Abstract

We investigated the association between prenatal selective serotonin reuptake inhibitors (SSRI) exposure and pregnancy-outcomes with correlation to placental-histopathology. Included were pregnancies with maternal SSRI use throughout pregnancy (SSRI-group) and the control group was matched with pregnancies unexposed to SSRI. Placental lesions were classified according to the "Amsterdam" criteria. Adverse neonatal outcome was defined as ≥1 early neonatal-complications. SSRI group had lower birthweights (p < 0.001), higher rates of meconium (p = 0.009), NICU admissions (p < 0.001), and adverse neonatal-outcome (p < 0.001). SSRI placentas had lower birthweight-to-placental-weight ratio (p = 0.02) and higher rates of fetal vascular malperfusion (FVM) lesions (p = 0.03).

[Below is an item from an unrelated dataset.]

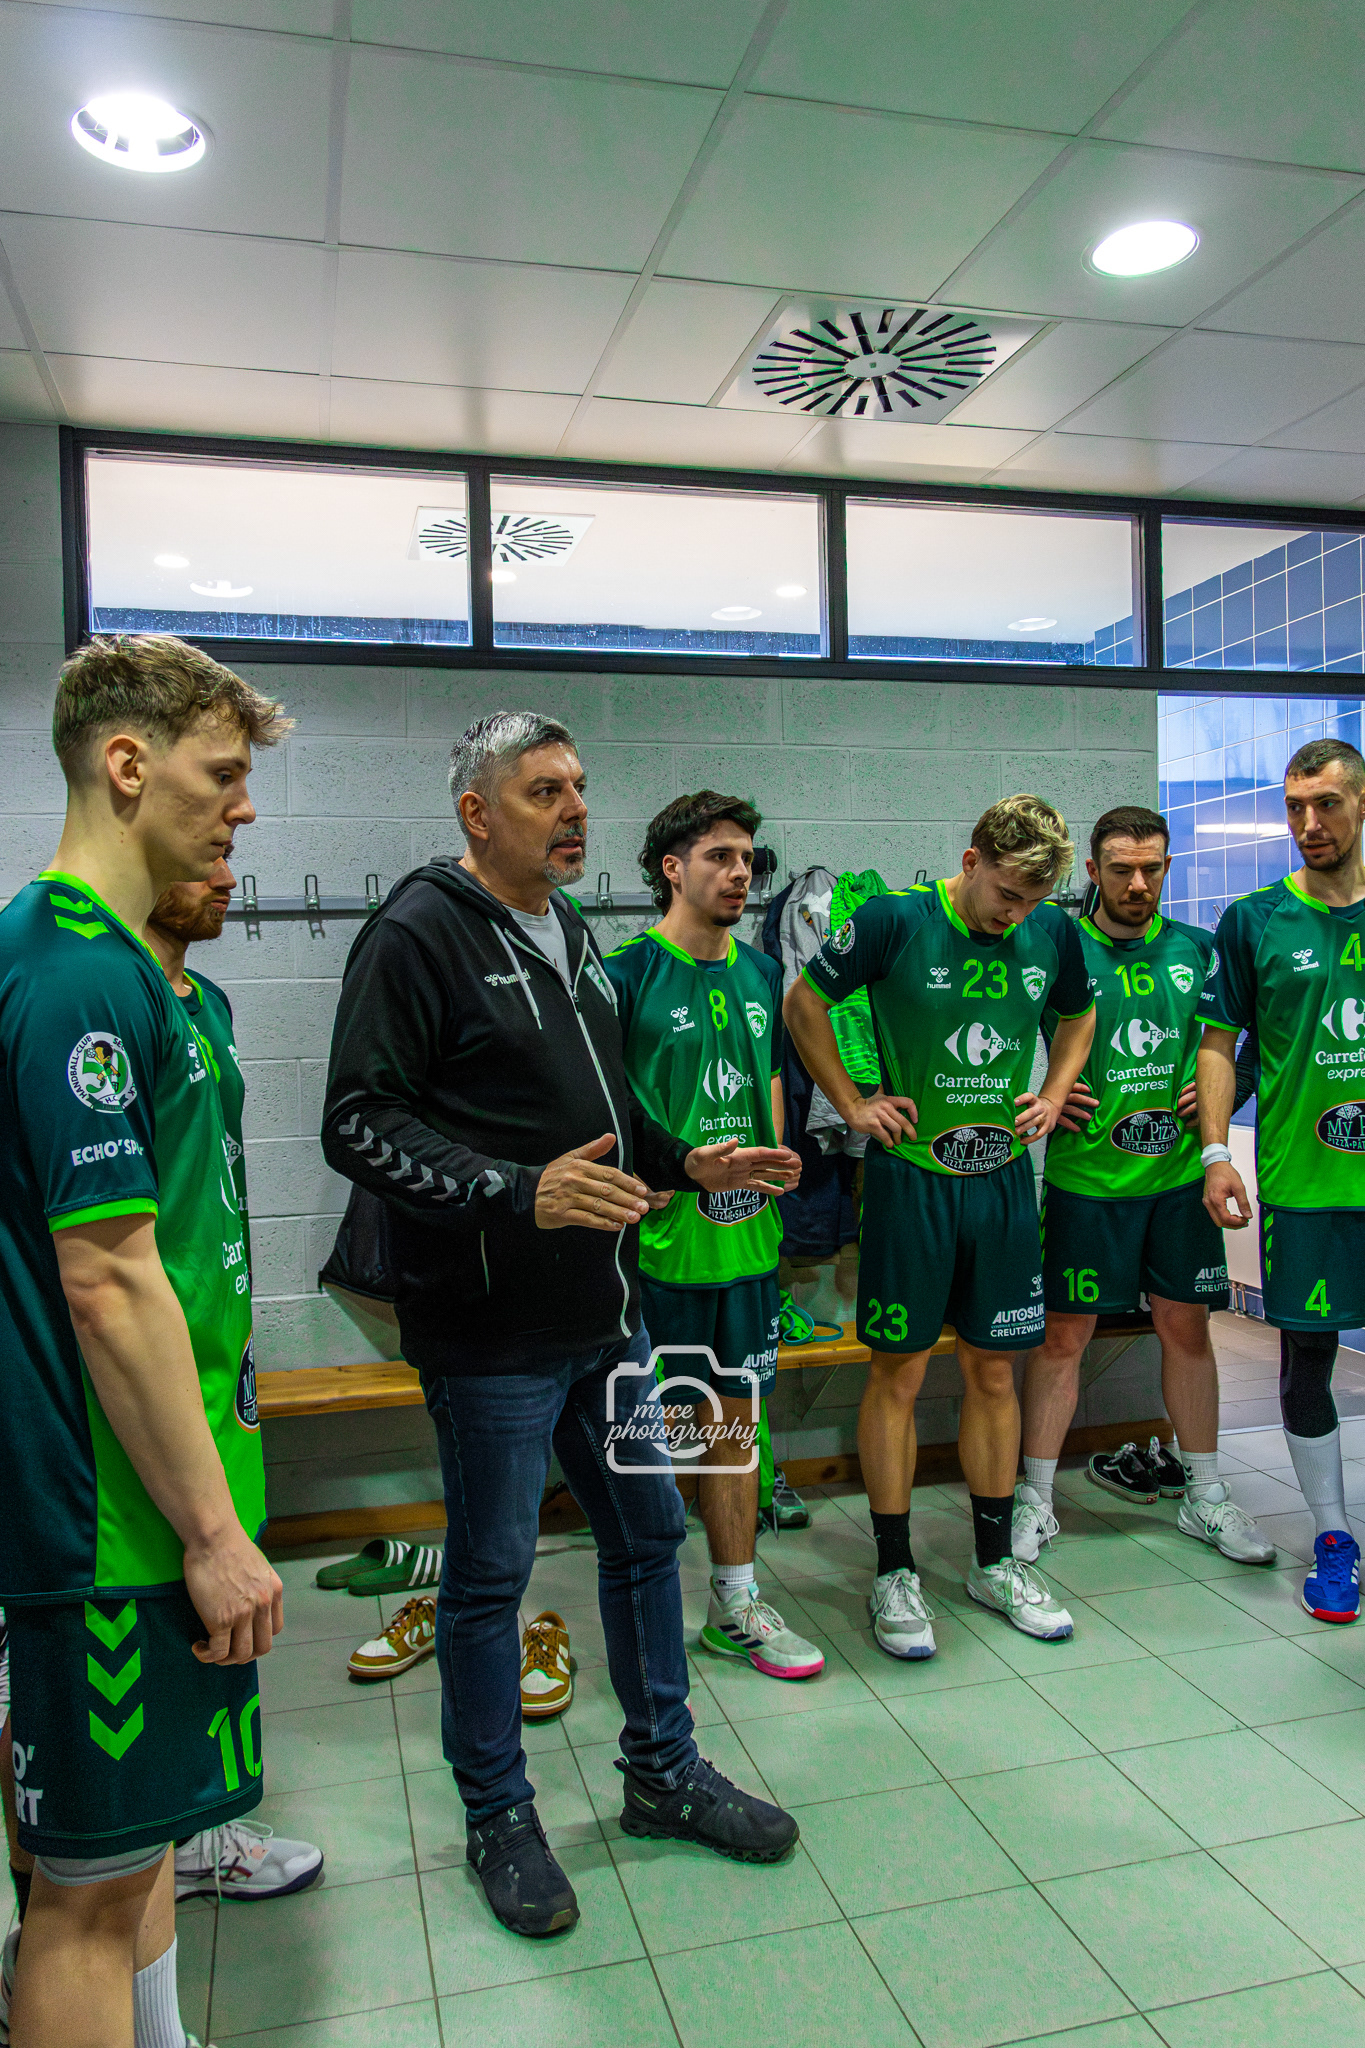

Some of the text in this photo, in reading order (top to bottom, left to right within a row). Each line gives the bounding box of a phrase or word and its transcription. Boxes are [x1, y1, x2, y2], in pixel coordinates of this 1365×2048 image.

Using multivariable analyses: GA < 37 weeks (aOR = 2.1, 95%CI 1.7-4.6) and SSRI (aOR = 1.7, 95%CI 1.3-3.9) were independently associated with adverse neonatal outcome while GA < 37 weeks (aOR = 1.6, 95%CI 1.2-3.4), SSRI (aOR = 1.3, 95%CI 1.1-2.6), and smoking (aOR = 1.2, 95%CI 1.1-4.0) were independently associated with FVM lesions. SSRI use during pregnancy was independently associated with adverse neonatal outcome and placental FVM.